Ikuspegiak
Del segundo sexo a la tercera mujer
2008/01/28 12:40 | -k bidalia webmaster2 | Esteka iraunkorrak | Normativa por la IgualdadFuente: ÁLVARO BERMEJO(diariovasco.com)
«Con la venia de Emakunde, Euskadi sigue estando lejos de Suecia. La brecha salarial entre hombres y mujeres sigue siendo notable, la presencia de mujeres en los consejos de administración de las grandes empresas no pasa de cifras irrisorias»...
Construir la noticia al dictado de las efemérides tiene sus riesgos. Este año, por ejemplo, conmemoramos simultáneamente el centenario del nacimiento de Simone de Beauvoir y los cuarenta años del mítico Mayo del '68. La asociación de ideas los conecta de inmediato, como si la eclosión de El segundo sexo hubiera sucedido mientras aquella segunda revolución francesa incendiaba las calles de París desde el Café de Flore. En realidad sucedió mucho antes, aunque en otra primavera, la de 1949.
Cuesta imaginar cómo sería aquella Francia y el mundo de entonces, recién emergido de la II Guerra Mundial. Pero es la única manera de situar en su justo valor el impacto de este libro del que se vendieron más de veinte mil ejemplares en cuestión de días -una cifra insólita en aquel tiempo-, mientras la mayoría de la prensa se indignaba contra esta «sufragista de la sexualidad». Unos denunciando su «atrevimiento pornográfico», los más siguiendo la línea Mauriac, quien no vaciló en escribir una nota a Les Temps Modernes jactándose de que al fin lo sabía todo sobre la vagina de su directora.

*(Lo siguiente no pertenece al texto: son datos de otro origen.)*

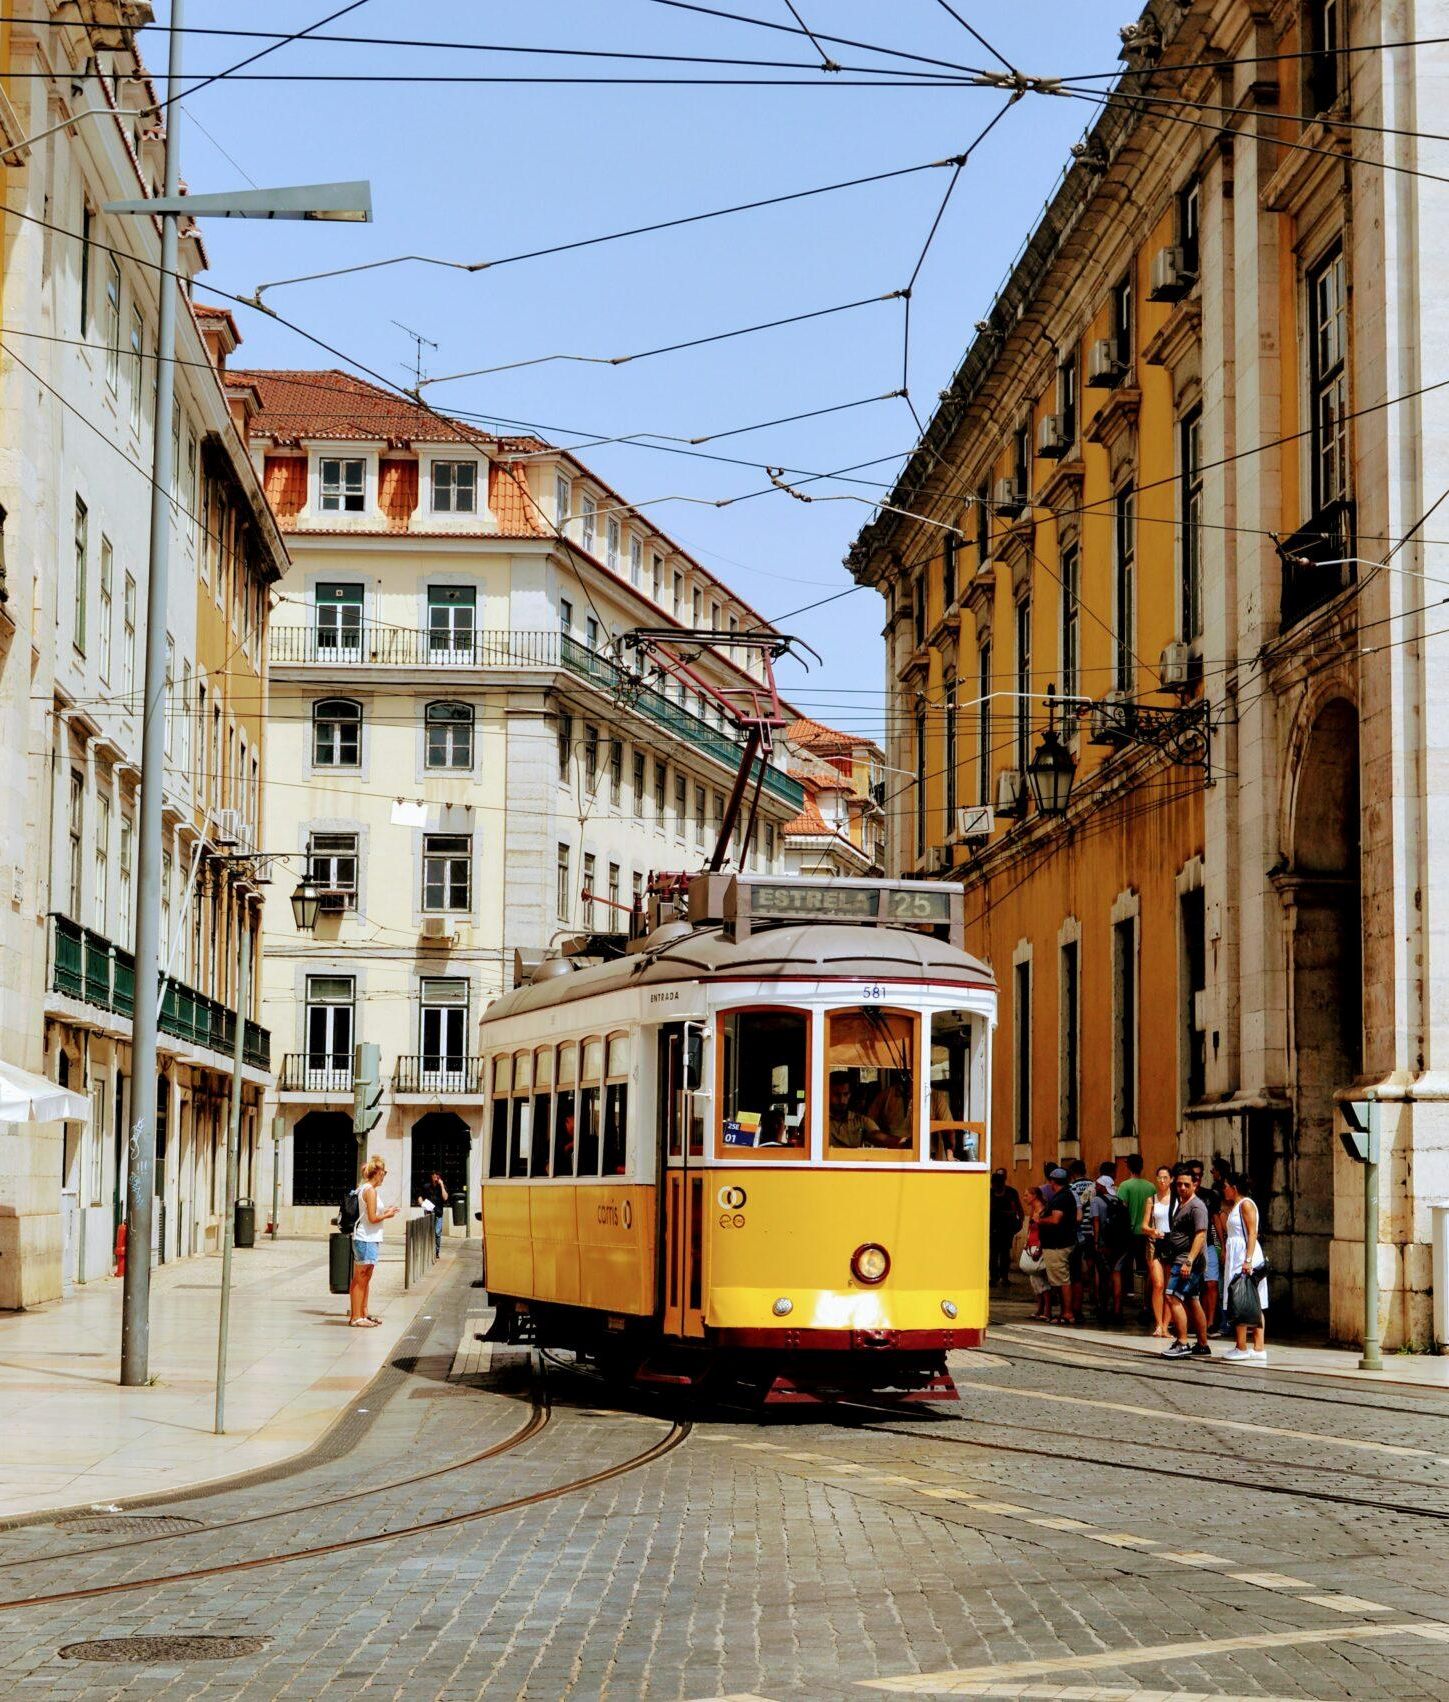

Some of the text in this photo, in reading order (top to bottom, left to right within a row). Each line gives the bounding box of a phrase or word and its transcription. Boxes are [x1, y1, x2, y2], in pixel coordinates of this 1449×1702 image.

La ironía puede llegar a ser una de las formas más insidiosas del antifeminismo, pero la amnesia lo es mucho más. Es cierto que Jean-Paul Sartre y Simone de Beauvoir, la gran pareja libre de los 50, fueron bastante menos excepcionales de lo que nos hicieron creer. Instrumentalizaron despiadadamente amores y amistades, fueron dos cobardes agazapados durante la ocupación alemana, y acabaron permutando la argumentación existencialista por una exaltación del marxismo que les llevaría a justificar las más ominosas dictaduras de nuestro tiempo. Nada de todo ello merma la excepcional relevancia de los análisis expuestos en El segundo sexo. Un libro cuestionable en muchas de sus afirmaciones pero constitutivo, junto con Una habitación propia, de Virginia Woolf, en la obra sobre la condición femenina que ha marcado decisivamente el siglo XX.
En una Francia angustiada por la sangría de la guerra y en plena obsesión natalista, Simone De Beauvoir se atrevió a cuestionar el carácter natural del instinto maternal, negó que existiese un destino biológico femenino y llamó a las mujeres a rebelarse contra todas las formas de sumisión. Su célebre frase, «no se nace mujer, se llega a serlo», se ve hoy cada vez más cuestionada por las últimas teorías biológicas y neurogenéticas. Ya no está tan claro que hombres y mujeres seamos idénticos y que nuestra identidad sexual sea una construcción cultural. Ahora bien, su planteamiento sigue resultando infinitamente más respetable que los despropósitos freudianos acerca de la envidia del pene.
Y algo más, algo que provoca una de esas extrapolaciones identitarias tan subyugantes en nuestra tierra. Si «ser mujer no es ni esencia ni destino», ¿cabe preguntarse qué es ser vasco, o vasca, desde una lectura paralela? Es decir, si todas las identidades responden a construcciones culturales, ¿qué es lo decisivo en nuestra sociedad: 'ser' lo que nos dicen que somos por herencia, o 'llegar a ser' aquello que queremos ser y, nos guste o no, sentimos como necesario?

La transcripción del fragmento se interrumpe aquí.